> _EXERCISE_
Return the data verbatim, without pictures.

> _LISTED RECORDS_
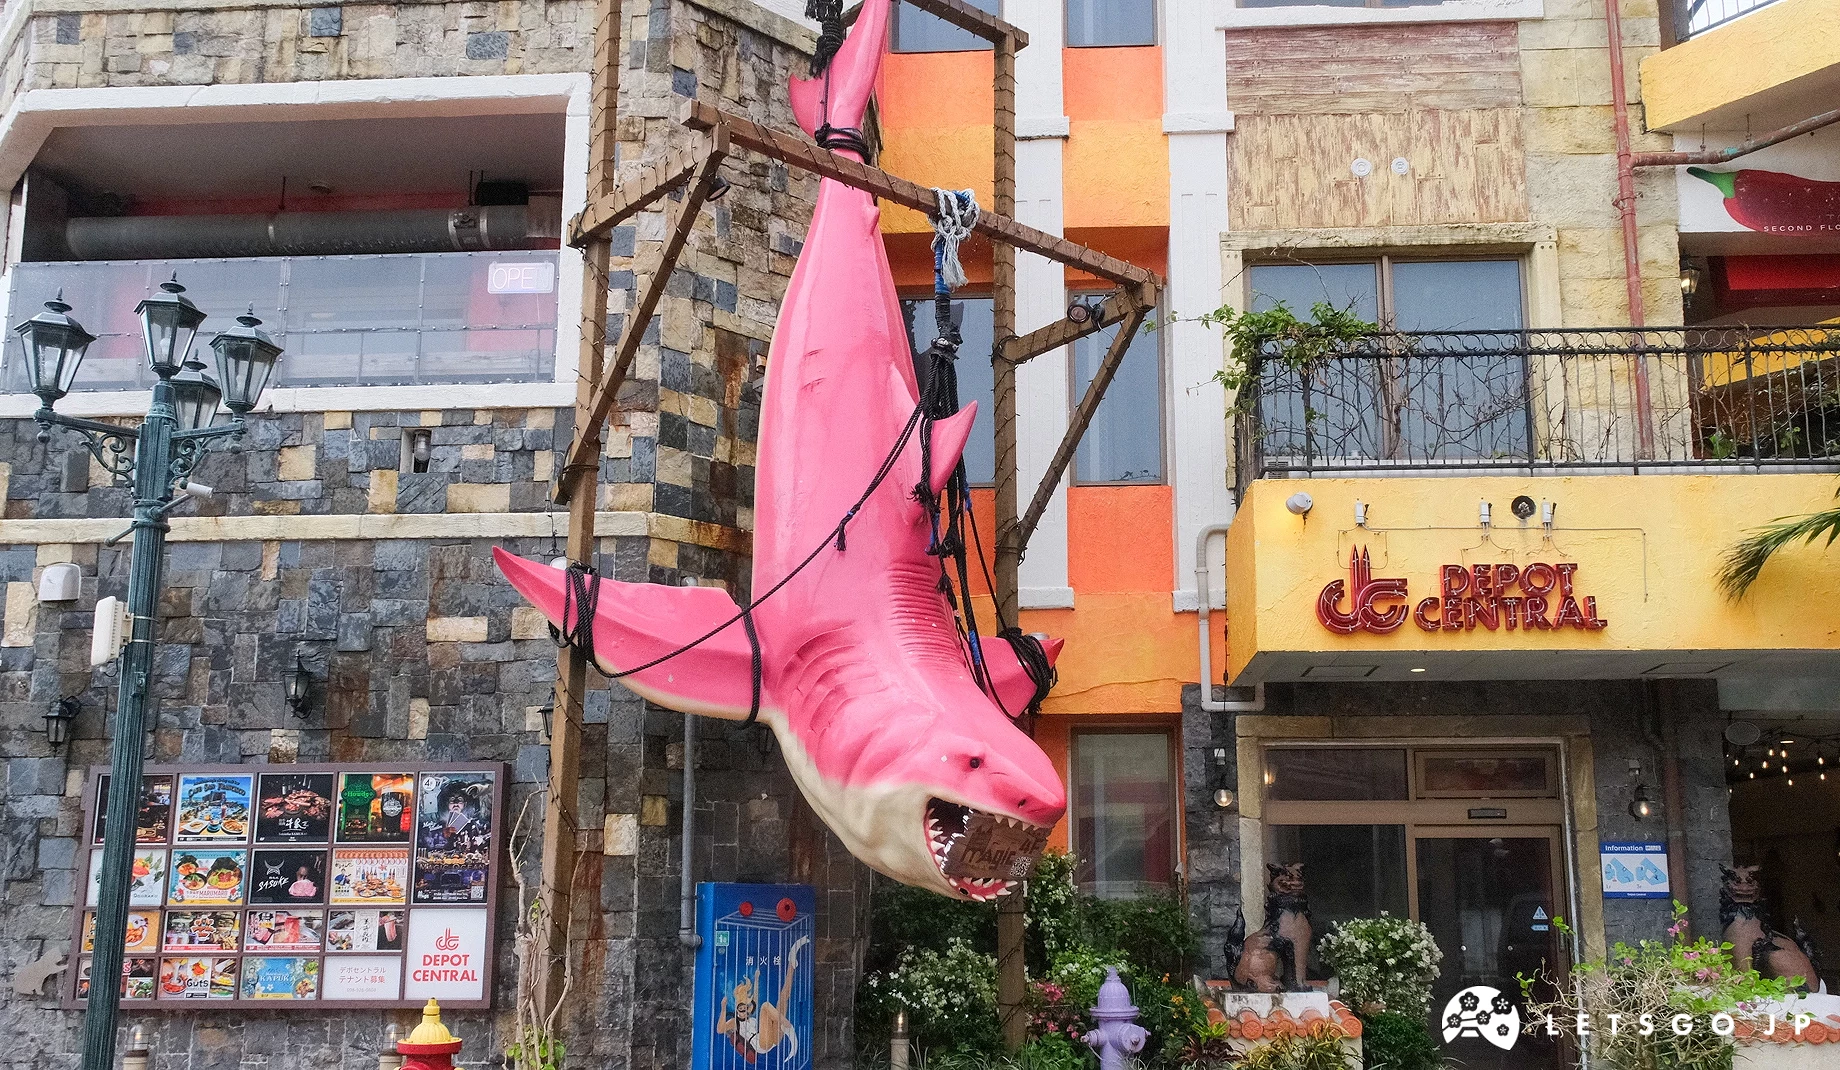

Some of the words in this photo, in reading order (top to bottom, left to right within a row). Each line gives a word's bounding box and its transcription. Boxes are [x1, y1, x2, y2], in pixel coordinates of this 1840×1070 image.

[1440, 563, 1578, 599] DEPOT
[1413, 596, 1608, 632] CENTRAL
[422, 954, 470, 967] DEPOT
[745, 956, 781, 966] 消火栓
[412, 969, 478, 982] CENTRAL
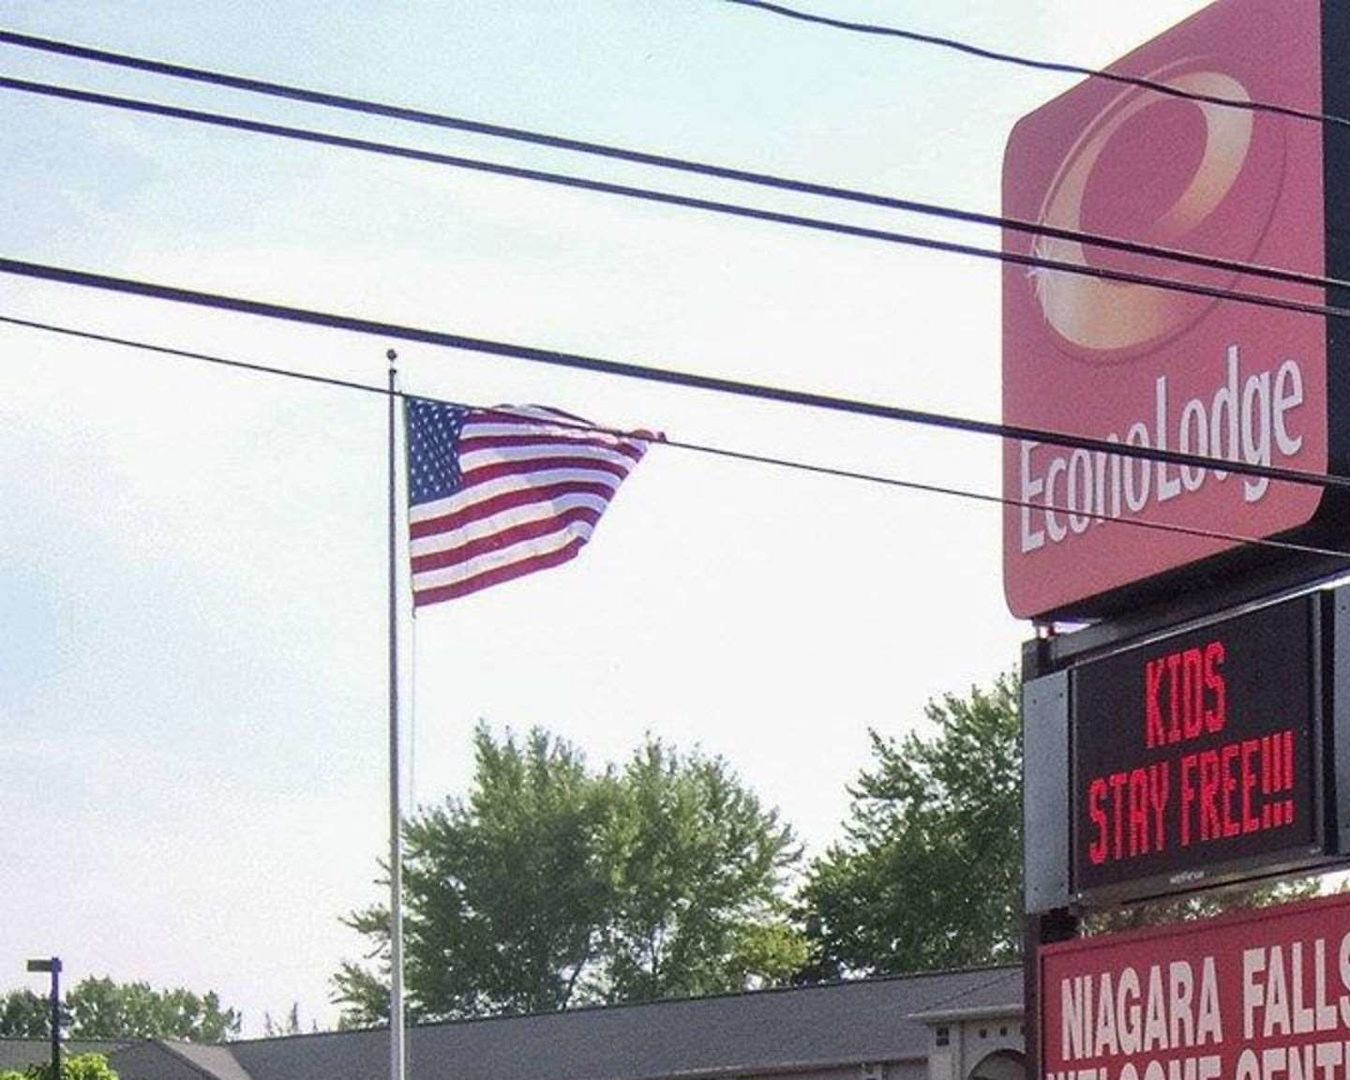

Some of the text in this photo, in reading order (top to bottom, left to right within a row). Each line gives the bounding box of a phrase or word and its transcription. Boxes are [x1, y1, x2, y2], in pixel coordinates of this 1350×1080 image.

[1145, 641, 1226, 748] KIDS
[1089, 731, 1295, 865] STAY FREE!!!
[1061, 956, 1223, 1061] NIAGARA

> _ANSWER FOR THE TASK_
Some of the words in this photo, in reading order (top to bottom, left to right within a row). Each line gives a word's bounding box and its transcription. Boxes are [x1, y1, x2, y2], in pixel coordinates of this 1840×1070 image.

[1440, 563, 1578, 599] DEPOT
[1413, 596, 1608, 632] CENTRAL
[422, 954, 470, 967] DEPOT
[745, 956, 781, 966] 消火栓
[412, 969, 478, 982] CENTRAL

Some of the text in this photo, in reading order (top to bottom, left to right within a row). Each line gives the bounding box of a phrase or word and its transcription. Boxes are [x1, y1, x2, y2], in pixel coordinates of this 1350×1080 image.

[1145, 641, 1226, 748] KIDS
[1089, 731, 1295, 865] STAY FREE!!!
[1061, 956, 1223, 1061] NIAGARA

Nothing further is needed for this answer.